* [Available data]
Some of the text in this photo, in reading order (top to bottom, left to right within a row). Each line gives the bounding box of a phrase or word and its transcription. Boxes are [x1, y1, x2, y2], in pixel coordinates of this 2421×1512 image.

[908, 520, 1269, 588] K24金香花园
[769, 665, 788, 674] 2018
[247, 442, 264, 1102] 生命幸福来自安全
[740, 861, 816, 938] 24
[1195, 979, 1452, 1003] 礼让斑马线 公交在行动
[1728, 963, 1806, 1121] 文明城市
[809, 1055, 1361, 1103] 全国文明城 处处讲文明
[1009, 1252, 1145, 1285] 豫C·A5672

--

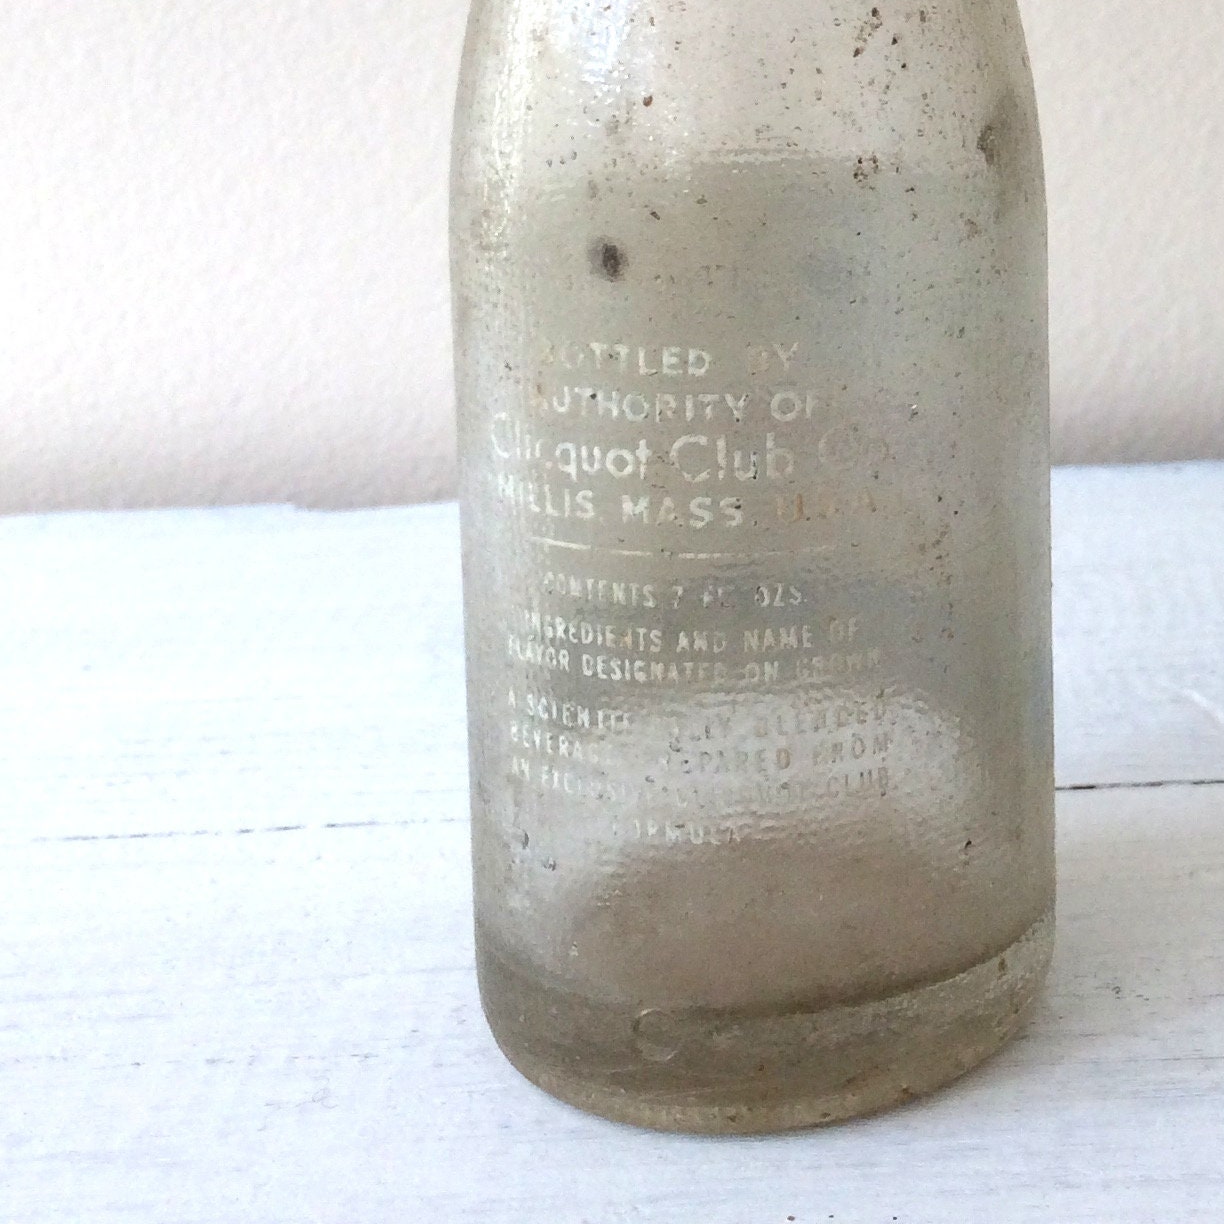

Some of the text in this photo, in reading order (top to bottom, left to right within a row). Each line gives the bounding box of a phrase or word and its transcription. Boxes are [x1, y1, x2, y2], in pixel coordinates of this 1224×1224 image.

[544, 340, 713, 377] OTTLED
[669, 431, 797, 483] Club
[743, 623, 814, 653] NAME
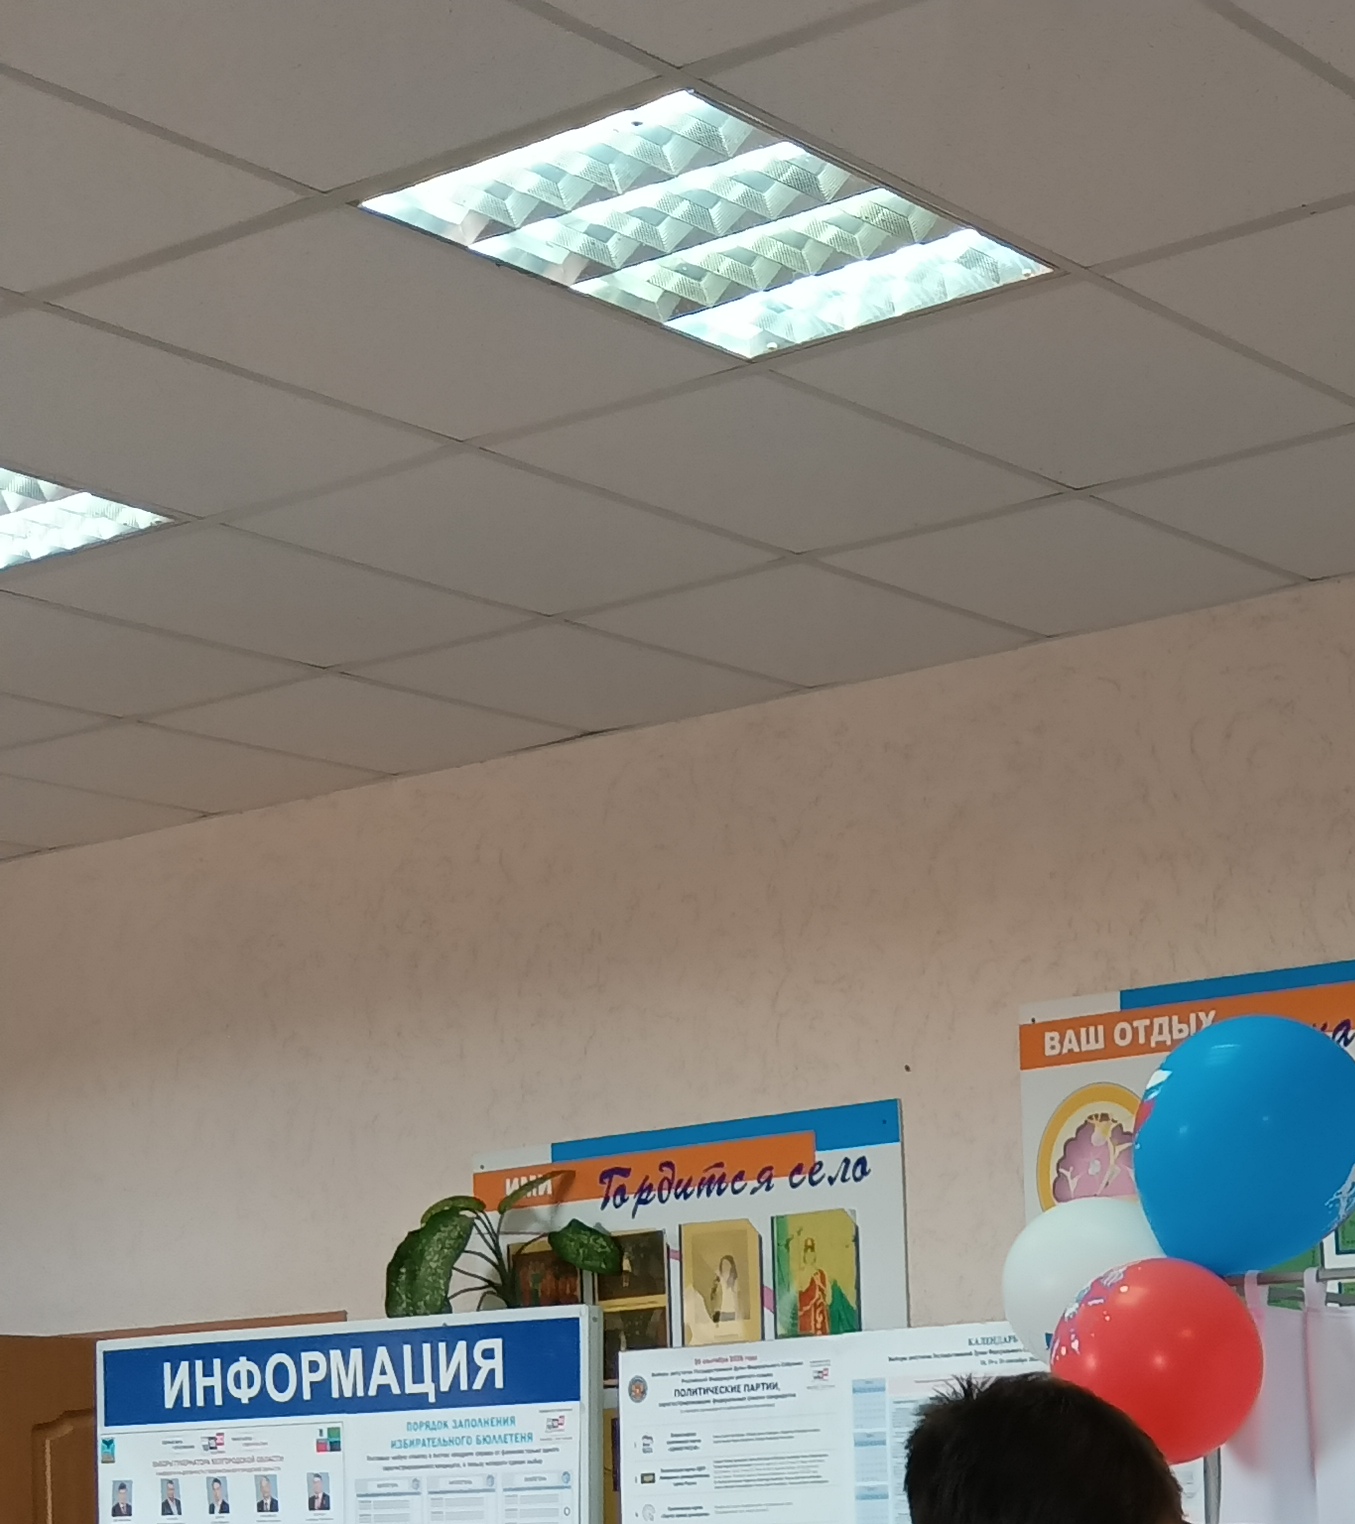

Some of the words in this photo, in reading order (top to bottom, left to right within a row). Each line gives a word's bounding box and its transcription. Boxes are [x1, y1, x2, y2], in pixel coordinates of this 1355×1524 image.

* [Your goal]
Because only one stretch of the records is wanted, please output the lines from the one holding "this 1224×1224 image." through the one holding "Some of the words" exactly, both included, and leave every picture out.

* [Answer section]
Some of the text in this photo, in reading order (top to bottom, left to right within a row). Each line gives the bounding box of a phrase or word and its transcription. Boxes are [x1, y1, x2, y2], in pixel coordinates of this 1224×1224 image.

[544, 340, 713, 377] OTTLED
[669, 431, 797, 483] Club
[743, 623, 814, 653] NAME

Some of the words in this photo, in reading order (top to bottom, left to right within a row). Each line gives a word's bounding box and its transcription. Boxes are [x1, y1, x2, y2], in pixel coordinates of this 1355×1524 image.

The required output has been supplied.